WHAT THE EXERCISE ASKS: Your answer should be the full set of entries, given again without alteration.

PROVIDED INFORMATION:
------------------------

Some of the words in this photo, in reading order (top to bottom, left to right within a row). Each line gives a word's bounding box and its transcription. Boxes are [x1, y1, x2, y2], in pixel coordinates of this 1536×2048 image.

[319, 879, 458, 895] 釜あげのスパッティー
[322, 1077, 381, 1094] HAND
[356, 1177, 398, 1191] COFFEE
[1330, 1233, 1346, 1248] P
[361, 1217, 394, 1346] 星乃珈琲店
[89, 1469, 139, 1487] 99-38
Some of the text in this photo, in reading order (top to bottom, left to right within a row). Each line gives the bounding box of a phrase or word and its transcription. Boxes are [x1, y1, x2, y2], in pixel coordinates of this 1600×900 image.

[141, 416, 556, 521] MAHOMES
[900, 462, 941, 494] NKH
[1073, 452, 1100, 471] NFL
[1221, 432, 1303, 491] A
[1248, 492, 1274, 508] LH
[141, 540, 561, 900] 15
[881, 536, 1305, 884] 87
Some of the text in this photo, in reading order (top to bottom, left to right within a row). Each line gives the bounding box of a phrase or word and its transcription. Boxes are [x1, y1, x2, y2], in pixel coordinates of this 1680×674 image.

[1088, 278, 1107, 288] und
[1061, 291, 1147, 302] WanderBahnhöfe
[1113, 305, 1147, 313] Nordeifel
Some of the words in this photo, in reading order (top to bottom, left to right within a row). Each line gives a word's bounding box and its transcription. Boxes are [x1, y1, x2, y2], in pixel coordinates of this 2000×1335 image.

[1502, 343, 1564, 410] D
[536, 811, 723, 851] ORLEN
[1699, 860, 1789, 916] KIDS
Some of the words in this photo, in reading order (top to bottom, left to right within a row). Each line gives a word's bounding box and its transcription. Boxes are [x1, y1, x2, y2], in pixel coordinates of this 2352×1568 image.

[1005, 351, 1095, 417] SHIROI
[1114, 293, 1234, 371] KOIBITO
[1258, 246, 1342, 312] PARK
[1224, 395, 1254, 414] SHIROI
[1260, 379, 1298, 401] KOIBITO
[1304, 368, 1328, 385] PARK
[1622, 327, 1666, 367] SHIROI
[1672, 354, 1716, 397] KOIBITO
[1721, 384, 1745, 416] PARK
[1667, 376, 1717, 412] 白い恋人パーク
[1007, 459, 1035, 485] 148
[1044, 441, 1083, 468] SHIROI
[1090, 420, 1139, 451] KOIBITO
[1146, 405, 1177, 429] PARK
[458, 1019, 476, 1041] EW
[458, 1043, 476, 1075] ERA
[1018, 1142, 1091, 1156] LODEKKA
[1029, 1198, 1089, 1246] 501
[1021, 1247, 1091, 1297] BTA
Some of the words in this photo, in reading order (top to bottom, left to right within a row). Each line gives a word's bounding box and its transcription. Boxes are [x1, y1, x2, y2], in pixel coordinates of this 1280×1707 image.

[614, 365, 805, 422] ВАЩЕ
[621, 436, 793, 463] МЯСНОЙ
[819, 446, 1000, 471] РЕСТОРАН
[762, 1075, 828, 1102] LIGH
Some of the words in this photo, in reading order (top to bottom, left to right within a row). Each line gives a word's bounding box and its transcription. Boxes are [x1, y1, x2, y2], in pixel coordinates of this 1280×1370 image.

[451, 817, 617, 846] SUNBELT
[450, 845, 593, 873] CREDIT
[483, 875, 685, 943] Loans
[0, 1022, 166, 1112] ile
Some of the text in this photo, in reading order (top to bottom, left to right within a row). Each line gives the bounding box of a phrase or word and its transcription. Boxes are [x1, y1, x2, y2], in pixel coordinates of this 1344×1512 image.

------------------------

RESPONSE BOX:
Some of the words in this photo, in reading order (top to bottom, left to right within a row). Each line gives a word's bounding box and its transcription. Boxes are [x1, y1, x2, y2], in pixel coordinates of this 1536×2048 image.

[319, 879, 458, 895] 釜あげのスパッティー
[322, 1077, 381, 1094] HAND
[356, 1177, 398, 1191] COFFEE
[1330, 1233, 1346, 1248] P
[361, 1217, 394, 1346] 星乃珈琲店
[89, 1469, 139, 1487] 99-38
Some of the text in this photo, in reading order (top to bottom, left to right within a row). Each line gives the bounding box of a phrase or word and its transcription. Boxes are [x1, y1, x2, y2], in pixel coordinates of this 1600×900 image.

[141, 416, 556, 521] MAHOMES
[900, 462, 941, 494] NKH
[1073, 452, 1100, 471] NFL
[1221, 432, 1303, 491] A
[1248, 492, 1274, 508] LH
[141, 540, 561, 900] 15
[881, 536, 1305, 884] 87
Some of the text in this photo, in reading order (top to bottom, left to right within a row). Each line gives the bounding box of a phrase or word and its transcription. Boxes are [x1, y1, x2, y2], in pixel coordinates of this 1680×674 image.

[1088, 278, 1107, 288] und
[1061, 291, 1147, 302] WanderBahnhöfe
[1113, 305, 1147, 313] Nordeifel
Some of the words in this photo, in reading order (top to bottom, left to right within a row). Each line gives a word's bounding box and its transcription. Boxes are [x1, y1, x2, y2], in pixel coordinates of this 2000×1335 image.

[1502, 343, 1564, 410] D
[536, 811, 723, 851] ORLEN
[1699, 860, 1789, 916] KIDS
Some of the words in this photo, in reading order (top to bottom, left to right within a row). Each line gives a word's bounding box and its transcription. Boxes are [x1, y1, x2, y2], in pixel coordinates of this 2352×1568 image.

[1005, 351, 1095, 417] SHIROI
[1114, 293, 1234, 371] KOIBITO
[1258, 246, 1342, 312] PARK
[1224, 395, 1254, 414] SHIROI
[1260, 379, 1298, 401] KOIBITO
[1304, 368, 1328, 385] PARK
[1622, 327, 1666, 367] SHIROI
[1672, 354, 1716, 397] KOIBITO
[1721, 384, 1745, 416] PARK
[1667, 376, 1717, 412] 白い恋人パーク
[1007, 459, 1035, 485] 148
[1044, 441, 1083, 468] SHIROI
[1090, 420, 1139, 451] KOIBITO
[1146, 405, 1177, 429] PARK
[458, 1019, 476, 1041] EW
[458, 1043, 476, 1075] ERA
[1018, 1142, 1091, 1156] LODEKKA
[1029, 1198, 1089, 1246] 501
[1021, 1247, 1091, 1297] BTA
Some of the words in this photo, in reading order (top to bottom, left to right within a row). Each line gives a word's bounding box and its transcription. Boxes are [x1, y1, x2, y2], in pixel coordinates of this 1280×1707 image.

[614, 365, 805, 422] ВАЩЕ
[621, 436, 793, 463] МЯСНОЙ
[819, 446, 1000, 471] РЕСТОРАН
[762, 1075, 828, 1102] LIGH
Some of the words in this photo, in reading order (top to bottom, left to right within a row). Each line gives a word's bounding box and its transcription. Boxes are [x1, y1, x2, y2], in pixel coordinates of this 1280×1370 image.

[451, 817, 617, 846] SUNBELT
[450, 845, 593, 873] CREDIT
[483, 875, 685, 943] Loans
[0, 1022, 166, 1112] ile
Some of the text in this photo, in reading order (top to bottom, left to right within a row). Each line gives the bounding box of a phrase or word and its transcription. Boxes are [x1, y1, x2, y2], in pixel coordinates of this 1344×1512 image.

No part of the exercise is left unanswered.